● **What is needed**: Omit the pictures. Print each entry below exactly.

[Data for the task]

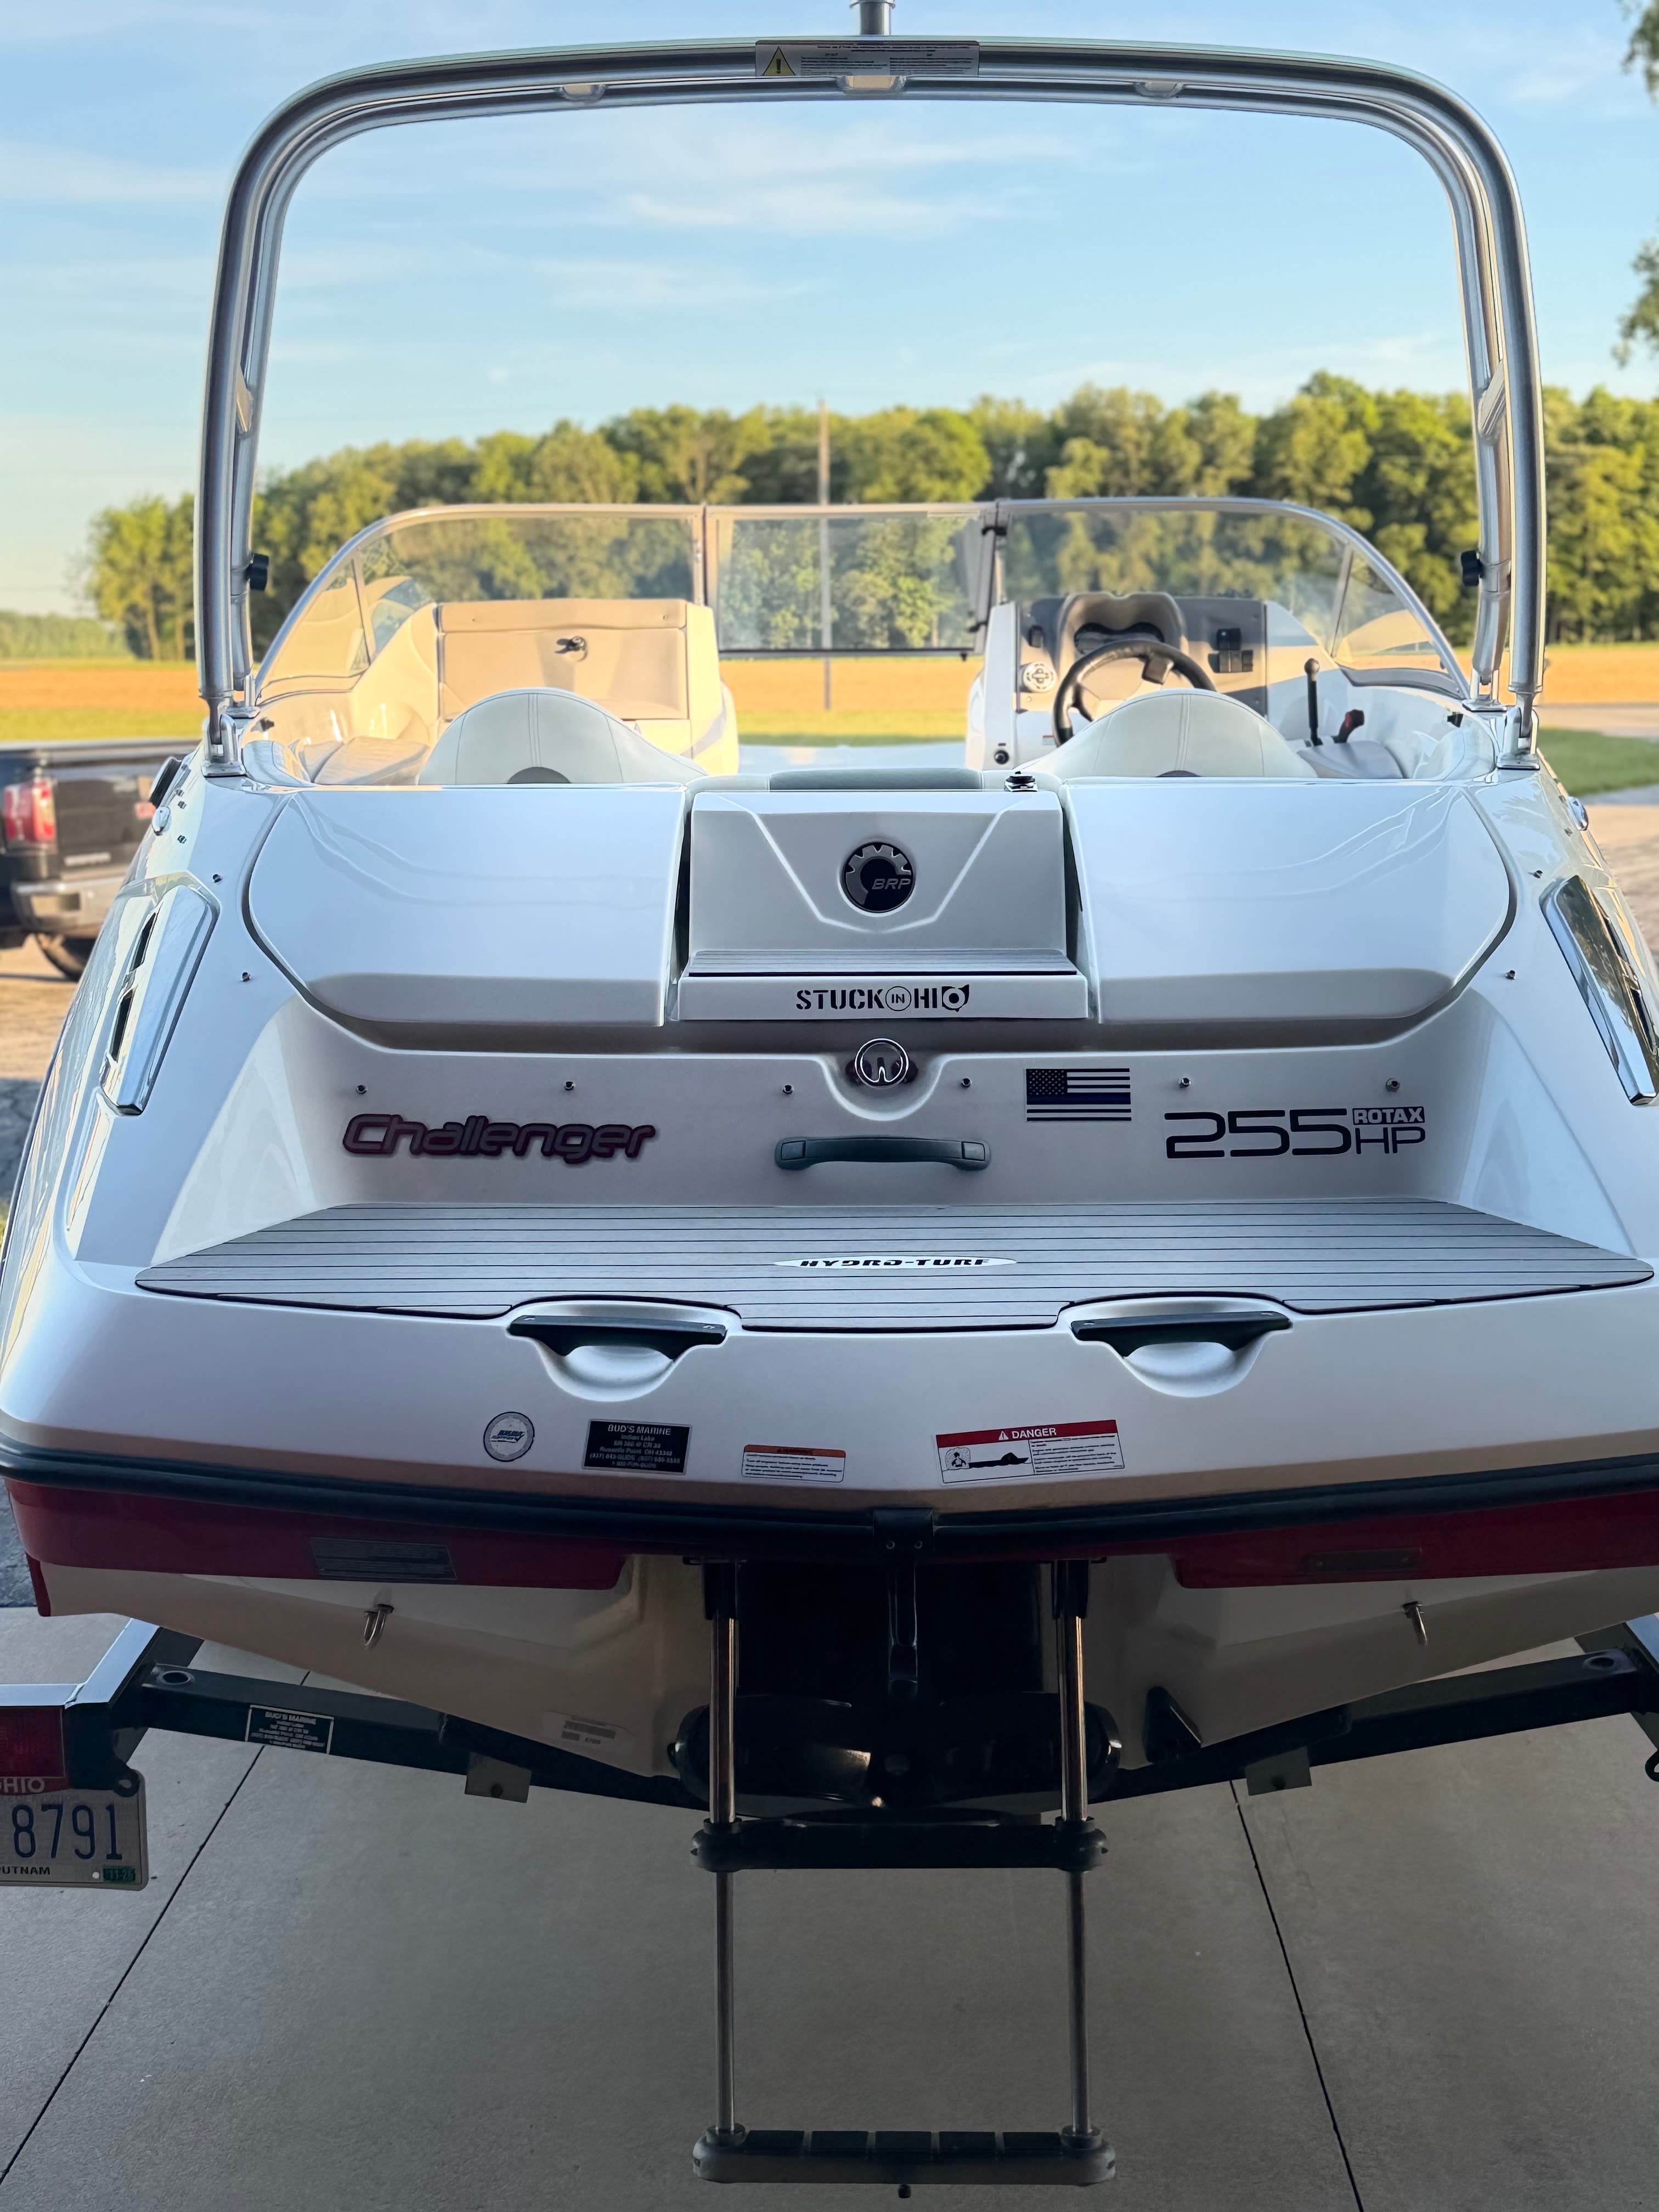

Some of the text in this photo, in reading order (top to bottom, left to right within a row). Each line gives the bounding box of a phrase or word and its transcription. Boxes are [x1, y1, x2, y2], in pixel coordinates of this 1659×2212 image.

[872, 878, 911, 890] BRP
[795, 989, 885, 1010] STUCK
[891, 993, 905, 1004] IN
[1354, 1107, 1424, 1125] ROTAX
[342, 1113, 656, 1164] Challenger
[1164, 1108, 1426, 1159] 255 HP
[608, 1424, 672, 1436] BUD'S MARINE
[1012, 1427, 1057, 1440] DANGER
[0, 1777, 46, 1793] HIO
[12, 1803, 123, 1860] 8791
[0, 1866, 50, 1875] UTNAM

[/Data for the task]

● **Result**:
Some of the text in this photo, in reading order (top to bottom, left to right within a row). Each line gives the bounding box of a phrase or word and its transcription. Boxes are [x1, y1, x2, y2], in pixel coordinates of this 1659×2212 image.

[872, 878, 911, 890] BRP
[795, 989, 885, 1010] STUCK
[891, 993, 905, 1004] IN
[1354, 1107, 1424, 1125] ROTAX
[342, 1113, 656, 1164] Challenger
[1164, 1108, 1426, 1159] 255 HP
[608, 1424, 672, 1436] BUD'S MARINE
[1012, 1427, 1057, 1440] DANGER
[0, 1777, 46, 1793] HIO
[12, 1803, 123, 1860] 8791
[0, 1866, 50, 1875] UTNAM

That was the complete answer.